H₂O₂ is commonly generated in biological habitats by environmental chemistry and by cellular immune responses. H₂O ₂ penetrates cells, disrupts metabolism, and blocks growth; it therefore is of interest to identify the major cellular molecules that H ₂O₂ damages and the strategies by which cells protect themselves from it. We used a strain of Escherichia coli that lacks catalases and peroxidases to impose protracted low-grade H₂O₂ stress.
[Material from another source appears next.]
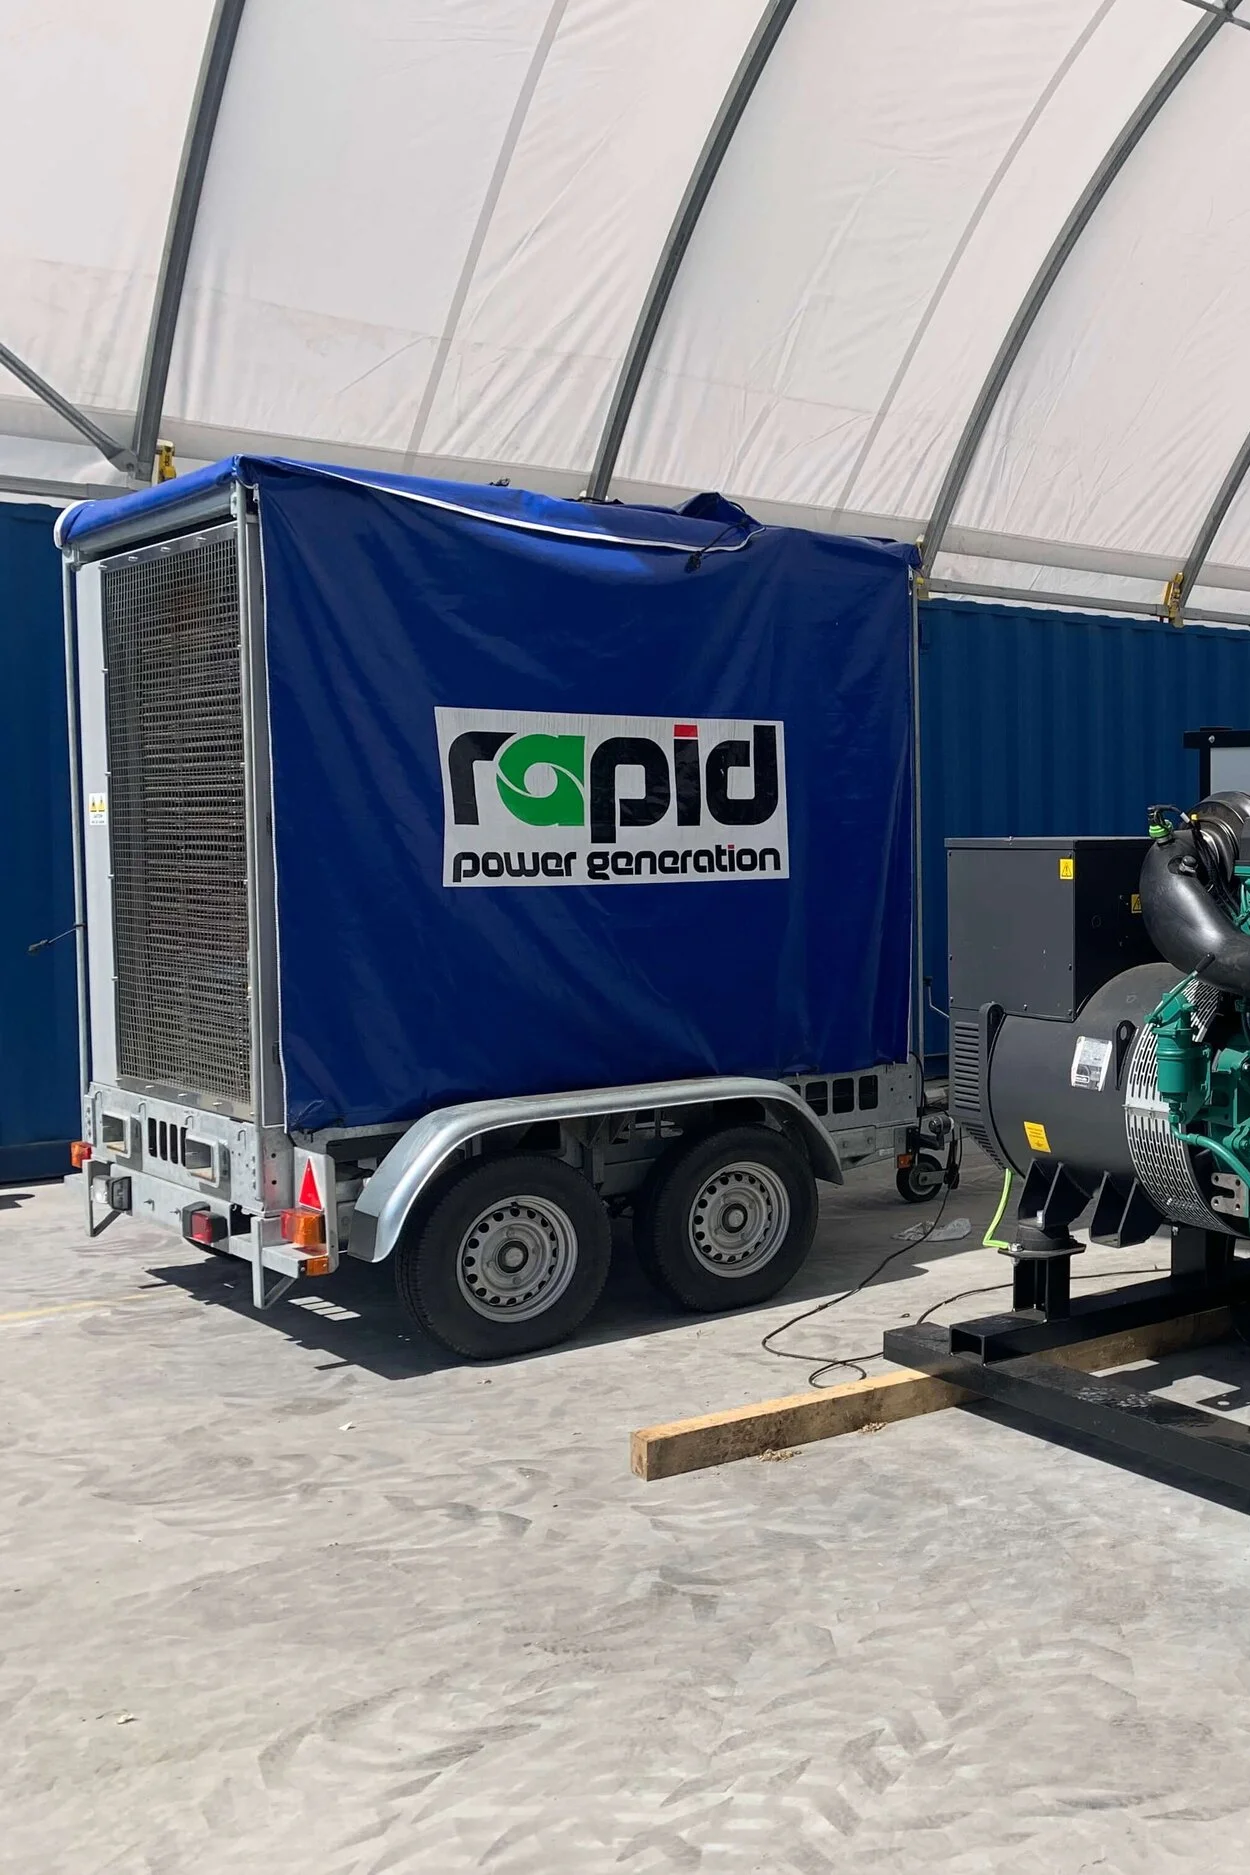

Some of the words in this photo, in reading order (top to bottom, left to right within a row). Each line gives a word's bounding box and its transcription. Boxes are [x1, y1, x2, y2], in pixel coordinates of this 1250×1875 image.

[448, 724, 779, 844] rapid
[452, 850, 577, 883] power
[586, 844, 781, 881] generation
Physiological analysis indicated that the pentose-phosphate pathway, in particular, was poisoned by submicromolar intracellular H₂O ₂. Assays determined that ribulose-5-phosphate 3-epimerase (Rpe) was specifically inactivated. In vitro studies demonstrated that Rpe employs a ferrous iron atom as a solvent-exposed cofactor and that H₂O ₂ rapidly oxidizes this metal in a Fenton reaction. The oxidized iron is released immediately, causing a loss of activity. Most Rpe proteins could be reactivated by remetallation; however, a small fraction of proteins were irreversibly damaged by each oxidation cycle, and so repeated cycles of oxidation and remetallation progressively led to permanent inactivation of the entire Rpe pool. Manganese import and iron sequestration are key elements of the H₂O₂ stress response, and we found that manganese can activate Rpe in vitro in place of iron, converting the enzyme to a form that is unaffected by H₂O₂. Indeed, the provision of manganese to H₂O₂-stressed cells protected Rpe and enabled the pentose-phosphate pathway to retain function. These data indicate that mononuclear iron enzymes can be primary targets of H₂O₂ stress and that cells adapt by shifting from iron- to manganese-centered metabolism.